Soon as I arrived in Israel I knew here I have to live. . .

and I never thought about her feelings, never - or only that every mother misses her children if they go abroad... I had NO idea about the emotional and physical devestation I caused her:

soon after I emigrated two of her sisters died and she had a mental breakdown
- she never recovered from.

Up until her death she had a sad life - she was a hypersensitive person - she couldn't, again, cope.....

A few days before her death she told me "it wasn't only you that caused this sweetie, you must not reproach yourself for that" - but I never had..... reproached myself for her fate..... and I told her simply "OK, I know" -

and today I heard, completely by accident this song - and I heard her sing it again and for the first time I really, really 'connect' and 'see' and by my God: I reproach myself, I accuse myself and I hope (and know, because she just was that kind of a non-rancuneus person) that she'll forgive me,

Mom, years afterwards I cannot stand to see your tears :(

Link to the song: click on the arrow, it's in Dutch...


I understand what you're saying, and I have to object to your guilt, if only because I'm in that same situation. I think I have the benefit of seeing my father always giving in to his mother's wishes and never making any of them happier. So I left my home when I wanted to, and when I grew tired of my new home in England I moved even further from my parents, to the US, and my mother complains, and I understand her and feel sorry she can't see her son (and I'm honored she still feels this way), but if I gave up on my own dreams I give up on my own life, and soon I become my father, spending the rest of my life trying to make his mother happy, never succeeding, maybe secretly or subconsciously hoping she'd be dead and he would finally be free.

So you can't feel bad, but even if you do, it's better to feel guilty than to feel regret and hatred for your mother for allowing her to dictate your life choices.
Hey Tsedek,
your text made me think of a part of Khalil Gibran's famous book, "The prophet"... It is about children, and maybe it can make you realise that what you did in your life, in the end, is only you following a natural and normal course... Here it is:

And a woman who held a babe against her bosom said, "Speak to us of Children."

And he said:

Your children are not your children.

They are the sons and daughters of Life's longing for itself.
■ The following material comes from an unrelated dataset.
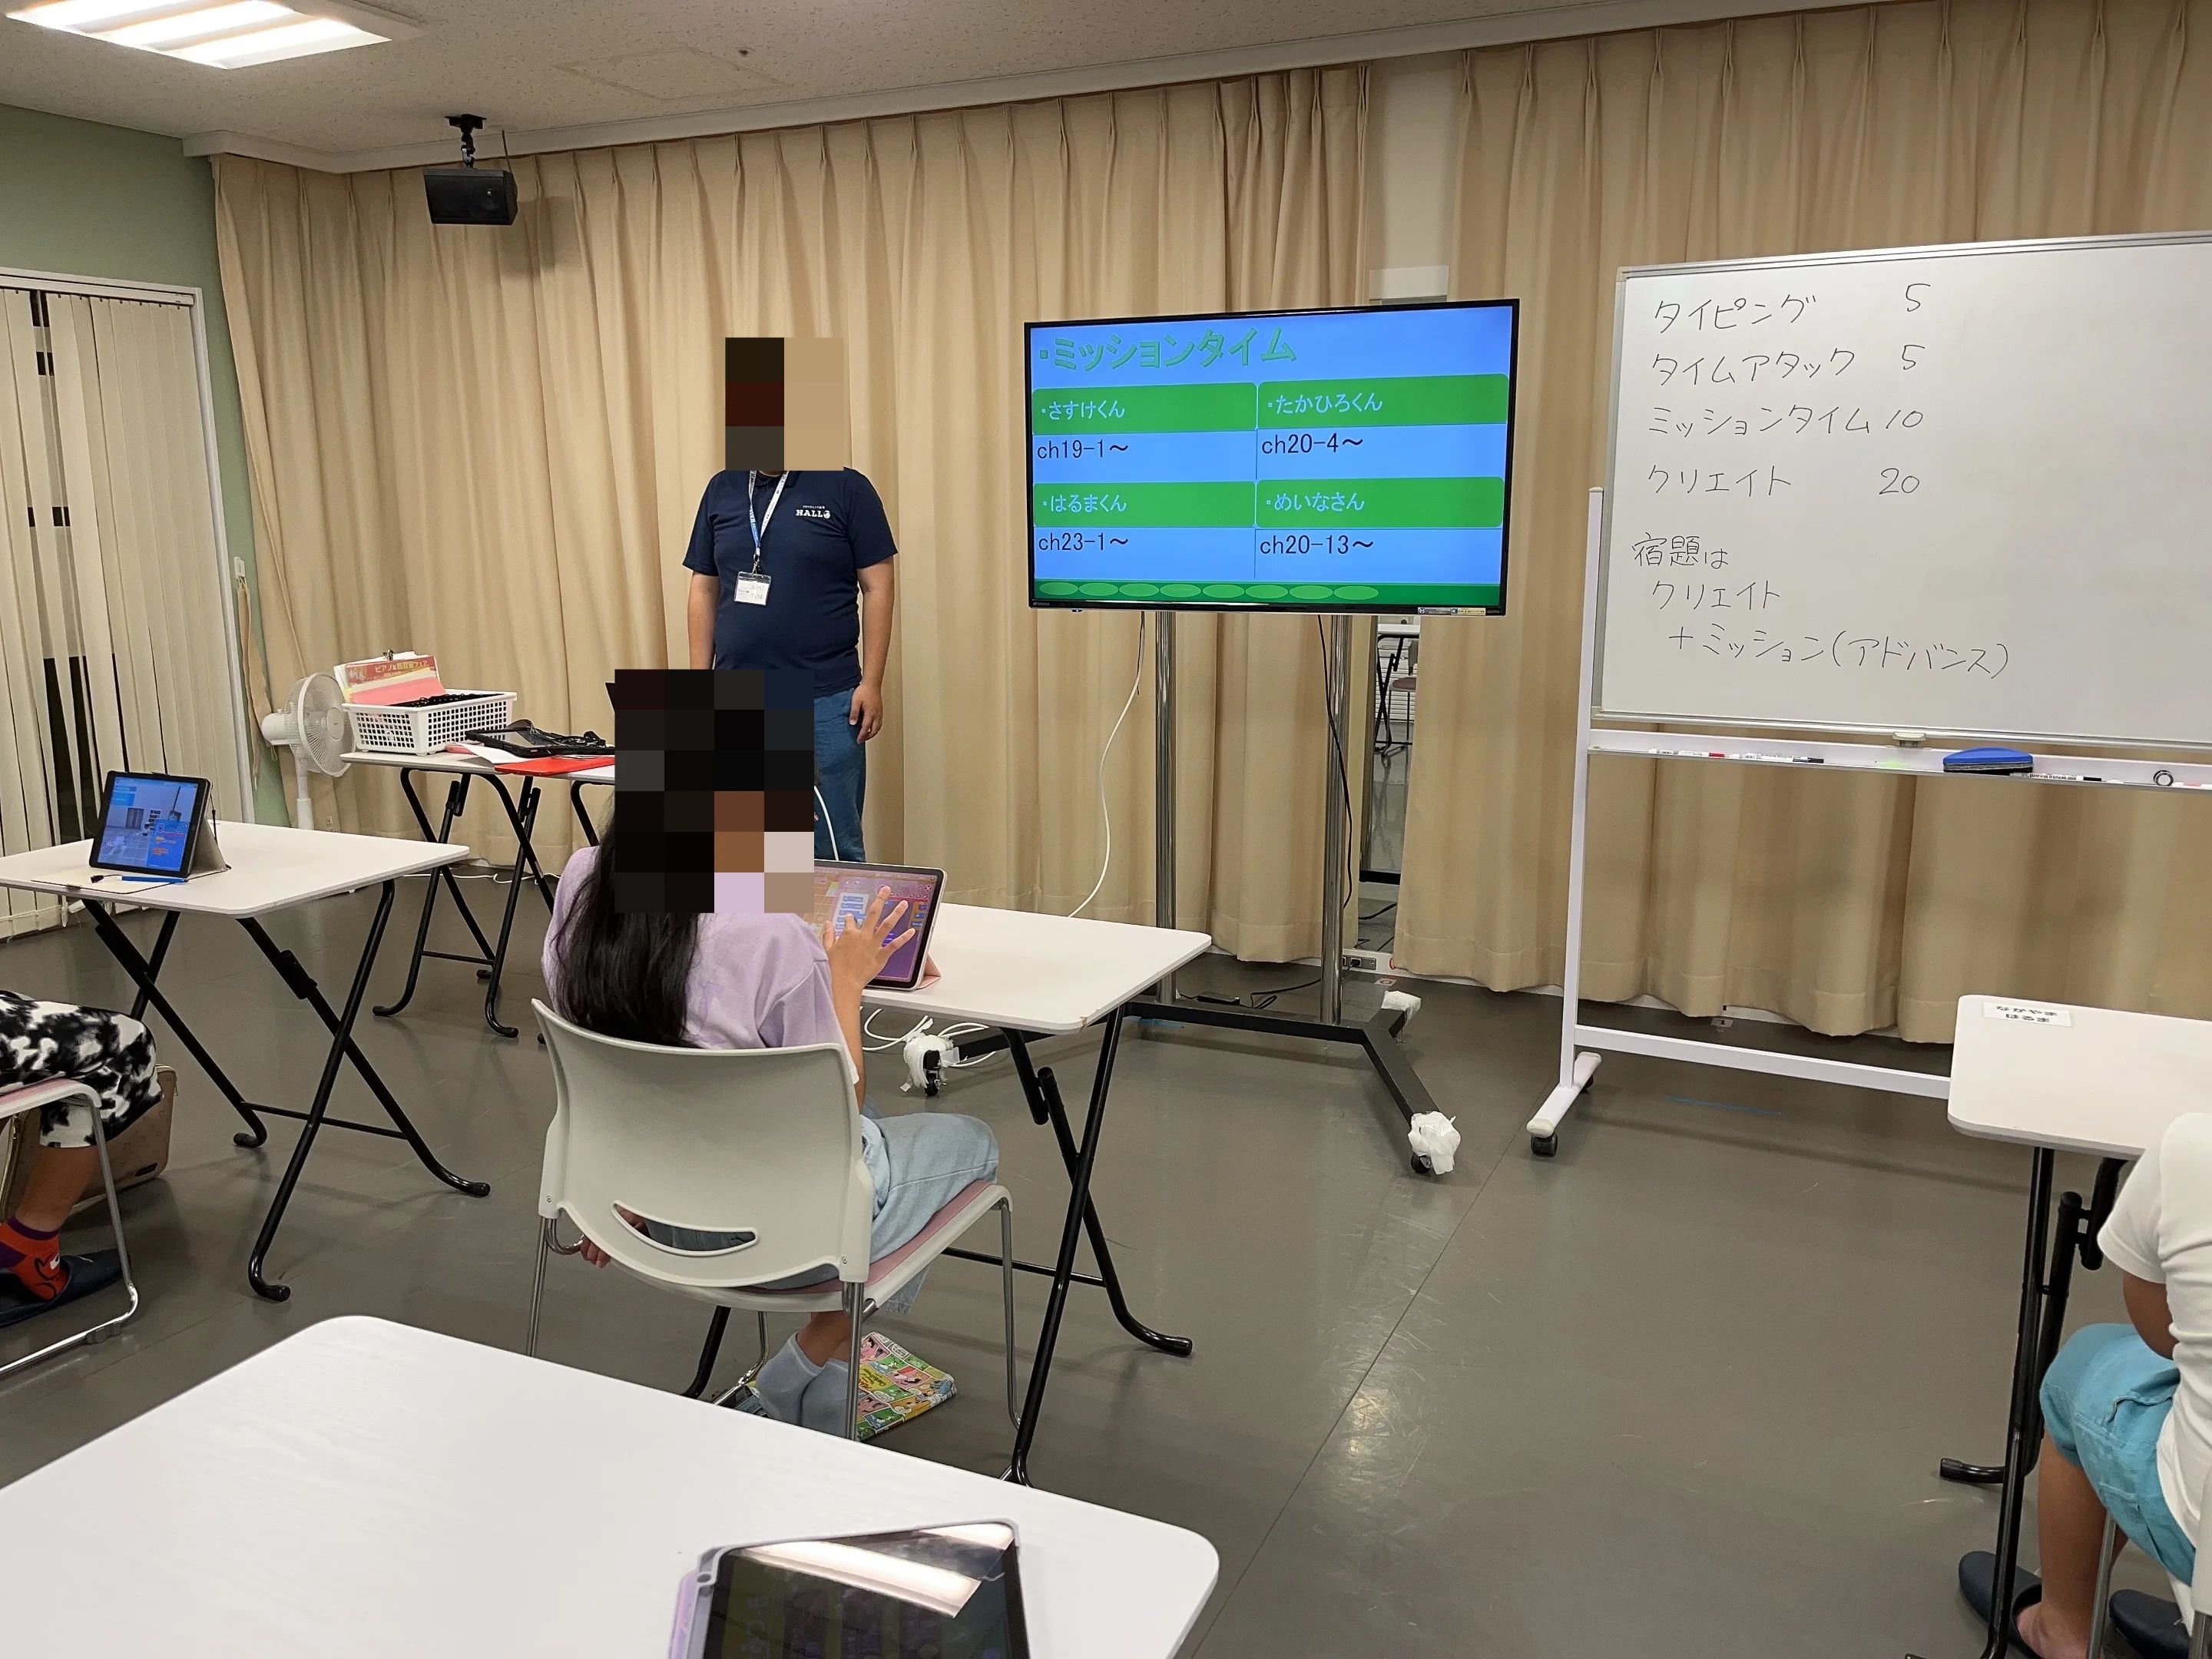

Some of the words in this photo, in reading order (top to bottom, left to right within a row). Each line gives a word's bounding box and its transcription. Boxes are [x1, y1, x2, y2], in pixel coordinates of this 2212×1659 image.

They come through you but not from you,

And though they are with you, yet they belong not to you.

You may give them your love but not your thoughts.

For they have their own thoughts.

You may house their bodies but not their souls,

For their souls dwell in the house of tomorrow, which you cannot visit, not even in your dreams.

You may strive to be like them, but seek not to make them like you.

For life goes not backward nor tarries with yesterday.

You are the bows from which your children as living arrows are sent forth.

The archer sees the mark upon the path of the infinite, and He bends you with His might that His arrows may go swift and far.

Let your bending in the archer's hand be for gladness;

For even as he loves the arrow that flies, so He loves also the bow that is stable.
good point PITS ... i know it from the other side of the story :D :D
I know guys, thank you. I know. It has always been my opinion that a child has his own life to live and if fate carries him/her away that's sad for who's left behind, but "that's life". But, since my son has moved abroad I'm feeling it from the other side as well. And, I'd never say anything to him to make him feel guilty (my mother didn't do so either, she just fell ill and couldn't hide her sadness) - because I know he's doing the right think by living his life.

And still it's very difficult, no matter that it's right, it's unbelievably hard. And now I understand what my mom went through, because I'm going through it exactly the same. So, there it is I can feel guilty while knowing I did the right thing... It sounds odd - but it's true.

(orangeleb - I love Khalil Gibran, the words he's using are very moving, and that's only the translation - I wish I could read Arabic ;-)
i too know how you feel.. i left home as a kid.. once to live with my mum and once to cross an ocean to live with my dad and then to cross even further and live alone.. the last time i did it my mum sold her house a year later and followed me.. but she was still recovering from aweful illness..

sometimes we have to go very far to find that invisible door to our sense of home..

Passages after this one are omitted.